Art. 37
Definizioni ai fini delle norme sull'abuso di mercato relativo ai prodotti non costituenti strumenti finanziari ai sensi dell'articolo 1, paragrafo 3, della direttiva 2003/6/CE
In vigore dal 12 nov 2010
Definizioni ai fini delle norme sull'abuso di mercato relativo ai prodotti non costituenti strumenti finanziari ai sensi dell', paragrafo 3, della direttiva 2003/6/CE
Ai fini degli articoli da 38 a 43, relativi ai prodotti non costituenti strumenti finanziari ai sensi dell', paragrafo 3, della direttiva 2003/6/CE, si applicano le seguenti definizioni:
a)
per «informazione privilegiata», s'intende un'informazione di carattere preciso che non è stata resa pubblica, che riguardi, direttamente o indirettamente, uno o più prodotti messi all'asta e che, qualora fosse resa di dominio pubblico, sarebbe in grado di incidere significativamente sul prezzo delle offerte presentate.
Relativamente ai soggetti incaricati di eseguire le offerte si considerano privilegiate altresì le informazioni fornite da clienti in relazione alle loro offerte pendenti, che abbiano carattere preciso, riguardino direttamente o indirettamente uno o più prodotti messi all'asta e, qualora fossero rese di dominio pubblico, sarebbero in grado di incidere significativamente sul prezzo delle offerte presentate;
b)
per «manipolazioni del mercato» s'intendono:
i)
offerte, transazioni o ordini effettuati sul mercato secondario che:
—
trasmettono, o rischiano di trasmettere, indicazioni false o fuorvianti in relazione alla domanda o al prezzo dei prodotti messi all'asta, oppure
—
fissano, per mezzo di un singolo soggetto o vari soggetti che agiscano in collaborazione, il prezzo di aggiudicazione dei prodotti messi all'asta a un livello anormale o artificiale,
a meno che il soggetto che ha fatto l'offerta o che, sul mercato secondario, effettua la transazione o emette l'ordine, dimostri di avere agito per ragioni legittime;
ii)
offerte che si avvalgono di meccanismi fittizi o qualsiasi altra forma di inganno o artificio;
iii)
la diffusione di informazioni, tramite i media (tra cui Internet), o qualsiasi altro mezzo, che trasmettano o rischino di trasmettere indicazioni false o fuorvianti in merito ai prodotti messi all'asta, in particolare la diffusione di voci e notizie false o fuorvianti, sempre che soggetto che ha diffuso la notizia sapesse o dovesse sapere che l'informazione era falsa o fuorviante. Per quanto riguarda i giornalisti che agiscono nell'esercizio della loro professione, la diffusione di siffatte informazioni deve essere valutata tenendo conto delle norme disciplinanti la loro attività professionale, a meno che i soggetti di cui trattasi non traggano, direttamente o indirettamente, vantaggi o profitti dalla diffusione dell'informazione stessa.

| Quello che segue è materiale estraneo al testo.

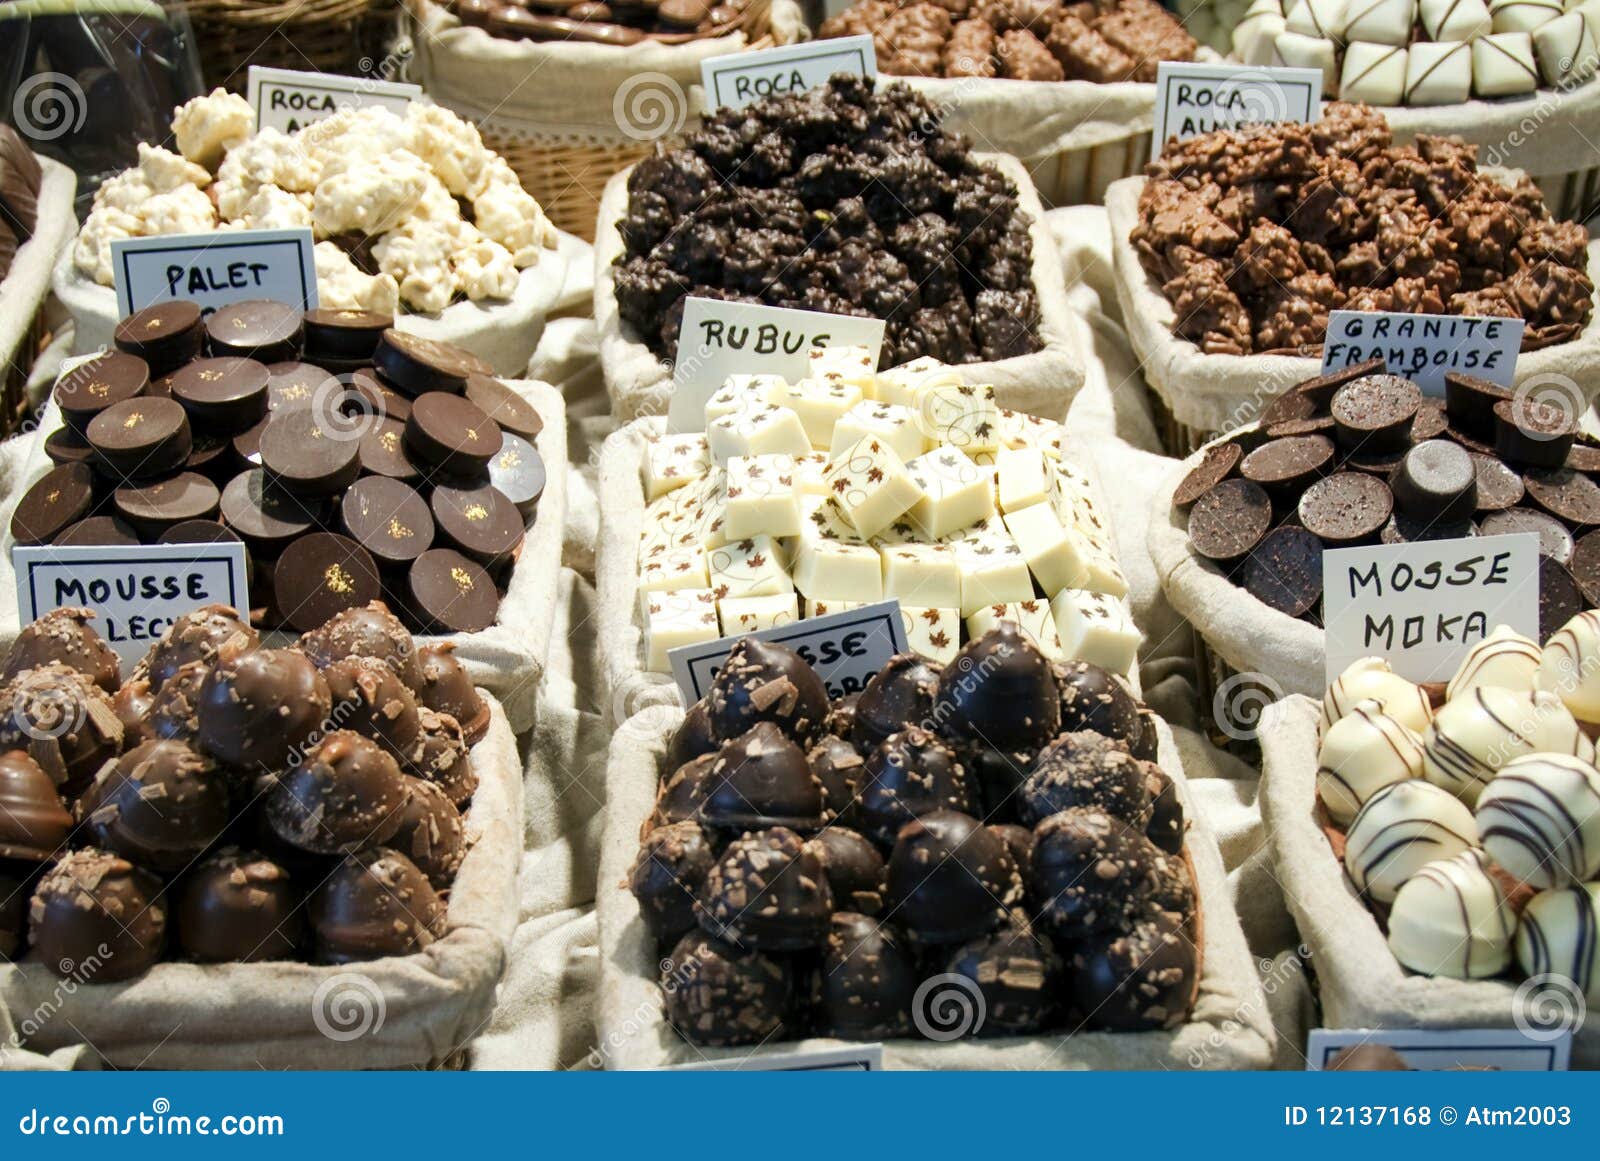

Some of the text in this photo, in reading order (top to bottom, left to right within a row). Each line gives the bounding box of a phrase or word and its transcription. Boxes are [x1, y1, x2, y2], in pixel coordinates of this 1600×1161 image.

[735, 69, 807, 100] ROCA
[1177, 84, 1246, 110] ROCA
[271, 89, 336, 112] ROCA
[166, 262, 268, 297] PALET
[1344, 317, 1503, 340] GRANITE
[1325, 343, 1503, 369] FRAMBOISE
[1348, 552, 1511, 598] MOSSE
[55, 573, 209, 606] MOUSSE
[106, 616, 179, 641] LEC
[1364, 611, 1487, 650] MOKA
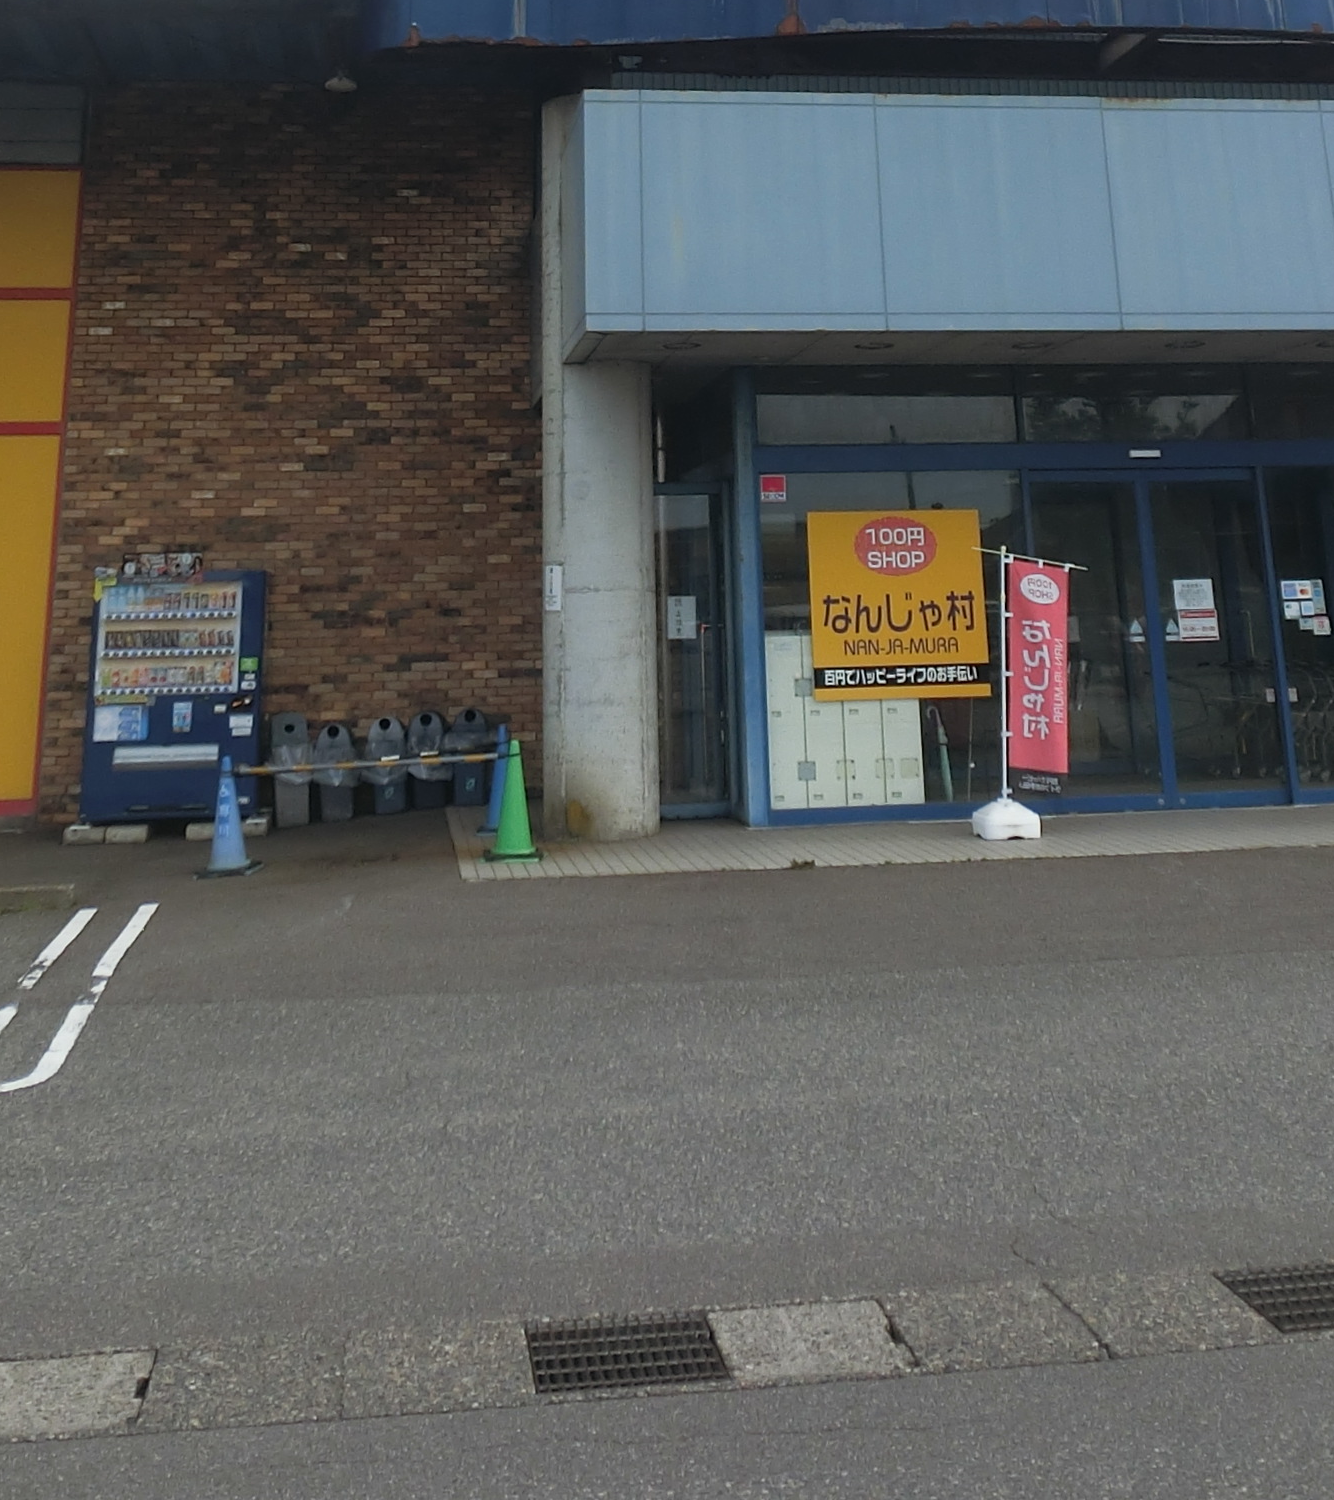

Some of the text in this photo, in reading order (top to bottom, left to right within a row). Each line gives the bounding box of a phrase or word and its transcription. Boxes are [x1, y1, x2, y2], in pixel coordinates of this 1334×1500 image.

Dalla definizione principale fornita alla lettera b) del primo comma discendono in particolare i seguenti esempi:
—
Il comportamento, da parte di un singolo soggetto o di vari soggetti che agiscano in collaborazione, volto a determinare una posizione dominante sulla domanda di un prodotto messo all'asta con l'effetto di fissare direttamente o indirettamente i prezzi di aggiudicazione dell'asta o di creare altre condizioni di transazione non eque;
—
l'acquisto o la vendita sul mercato secondario, in anticipo sull'asta, di quote o dei relativi titoli derivati, con l'effetto di fissare il prezzo di aggiudicazione dell'asta ad un livello anormale o artificiale o di trarre in errore gli altri partecipanti all'asta;
—
l'uso occasionale o abituale dei mezzi di informazione tradizionali o elettronici al fine di esprimere pareri su un prodotto messo all'asta, per il quale si è in precedenza fatta un'offerta, e di approfittare successivamente degli effetti prodotti da tali pareri sulle offerte fatte per quel prodotto, senza avere in precedenza reso pubblico il relativo conflitto di interessi in modo adeguato ed efficace.